3.6 Optimal Policies and Optimal Value Functions

  • A policy $\pi$ is defined to be better than or equal to a policy $\pi’$ if its expected return is greater than or equal to that of $\pi’$ for all states.
\[\begin{align*}\pi \geq \pi' \text{ if and only if } v_\pi(s) \geq v_{\pi'}(s) && \text{ for all } s \in \S\end{align*}\]
  • Optimal policy $\pi_*$: There is always at least one policy that is better than or equal to all other policies.
  • Optimal state-value function
\[\begin{align*}v_*(s)=\max_\pi v_\pi(s) \end{align*}\]
  • Optimal action-value function
\[\begin{align*} q_*(s,a) = & \max_\pi q_\pi (s, a) \\ = & \E[R_{t+1}+\gamma v_*(S_{t+1})\mid S_t=s, A_t=a] \end{align*}\]
  • Because $v_*$ is the value function for a policy, it must satisfy the self-consistency condition given by the Bellman equation for state values.
  • Because it is the optimal value function, it can be written without reference to any specific policy.
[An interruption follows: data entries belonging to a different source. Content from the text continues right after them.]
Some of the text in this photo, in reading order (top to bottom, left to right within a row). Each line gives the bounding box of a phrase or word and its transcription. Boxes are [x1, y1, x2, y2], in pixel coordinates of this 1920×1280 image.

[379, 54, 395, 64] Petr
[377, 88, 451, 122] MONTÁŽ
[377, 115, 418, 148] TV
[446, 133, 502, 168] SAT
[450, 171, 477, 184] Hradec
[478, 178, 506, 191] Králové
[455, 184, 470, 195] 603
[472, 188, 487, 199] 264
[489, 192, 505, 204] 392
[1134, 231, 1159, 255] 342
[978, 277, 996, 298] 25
  • Bellman optimality equation for $v_*$
\[\begin{align*} v_*(s)&=\max_{a\in \A(s)} q_{\pi_*} (s,a)\\ & = \max_a \E_{\pi_*}[R_{t+1}+\gamma G_{t+1} \mid S_t=s, A_t=a]\\ & = \max_a \E_{\pi_*}[R_{t+1}+\gamma v_{\pi_*}(S_{t+1}) \mid S_t=s, A_t=a]\\ & = \max_a \sum_{s',r} p(s',r\mid s,a) [r+\gamma v_*(s')] \end{align*}\]
  • Bellman optimality equation for $q_*$
\[\begin{align*} q_*(s,a) &= \E \left[ R_{t+1}+\gamma \max_{a*} q_*(S_{t+1}, a') \mid S_t=s, A_t=a \right]\\ &= \sum_{s',r} p(s',r\mid s,a) \left[ r + \gamma \max_{a'} q_*(s',a') \right] \end{align*}\]
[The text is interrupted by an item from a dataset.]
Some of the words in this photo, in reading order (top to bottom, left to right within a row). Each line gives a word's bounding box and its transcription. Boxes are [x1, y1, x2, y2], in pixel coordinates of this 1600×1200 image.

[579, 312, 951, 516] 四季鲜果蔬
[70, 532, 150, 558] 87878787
  • For finite MDPs, the Bellman optimality equation for $v_*$ has a unique solution.
  • If the dynamic function is given, it is actually a system of equations, one for each state.
  • Once we have $v_*$, it is easy to determine an optimal policy: For each state s, there will be one or more actions at which the maximum is obtained in the Bellman optimality equation.
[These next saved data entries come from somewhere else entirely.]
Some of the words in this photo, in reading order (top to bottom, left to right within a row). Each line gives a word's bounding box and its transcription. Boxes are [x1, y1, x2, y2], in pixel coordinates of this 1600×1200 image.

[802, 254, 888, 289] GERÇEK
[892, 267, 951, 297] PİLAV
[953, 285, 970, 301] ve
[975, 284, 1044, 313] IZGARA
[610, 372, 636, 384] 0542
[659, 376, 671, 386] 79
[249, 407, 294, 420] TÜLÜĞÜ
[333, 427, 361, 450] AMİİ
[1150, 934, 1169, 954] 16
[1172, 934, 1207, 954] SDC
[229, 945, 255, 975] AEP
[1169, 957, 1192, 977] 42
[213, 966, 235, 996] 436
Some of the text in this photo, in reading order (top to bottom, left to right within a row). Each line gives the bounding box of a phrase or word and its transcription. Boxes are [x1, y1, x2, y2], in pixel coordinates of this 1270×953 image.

\[\pi_*(s)=\argmax_a \sum_{s'}\sum_{r} p(s',r\mid s,a) [r+\gamma v_*(s')]\]
  • Any policy that assigns nonzero probability only to these actions is an optimal policy.
  • Any policy that is greedy with respect to the optimal evaluation function $v_*$ is an optimal policy.
  • The optimal expected long-term return is turned into a quantity that is locally and immediately available for each state.
  • With $q_* $, even easier: for any state $s$, simply choose an action that maximizes $q_* (s,a)$
\[\pi_*(s)=\argmax_a q_*(s,a)\]
  • Hence, at the cost of representing a function of state-action pairs, instead of just of states, the optimal action-value function allows optimal actions to be selected without having to know anything about possible successor states and their values, that is, without having to know anything about the environment’s dynamics.
  • Excplicitly solving the Bellman optimality equation is rarely useful as it assumes
    1. we accurately know the dynamics of the environment.
    2. we have enough computational resources to complete the computation of the solution.
    3. the Markov property.
  • In RL we typically has to settle for approximate solutions.
  • $v_* $ in terms of $q_* $
\[\begin{align*} v_*(s) &= \sum_a \pi(a\mid s)q_*(s,a) \end{align*}\]
  • $q_* $ in terms of $v_* $
\[\begin{align*} q_\pi(s,a) &=\sum_{s',r} p(s',r\mid s,a)(r+\gamma v_*(s')) \end{align*}\]
  • Other Bellman equations

References

  1. Richard S. Sutton and Andrew G. Barto. Reinforcement Learning: An Introduction; 2nd Edition. 2017.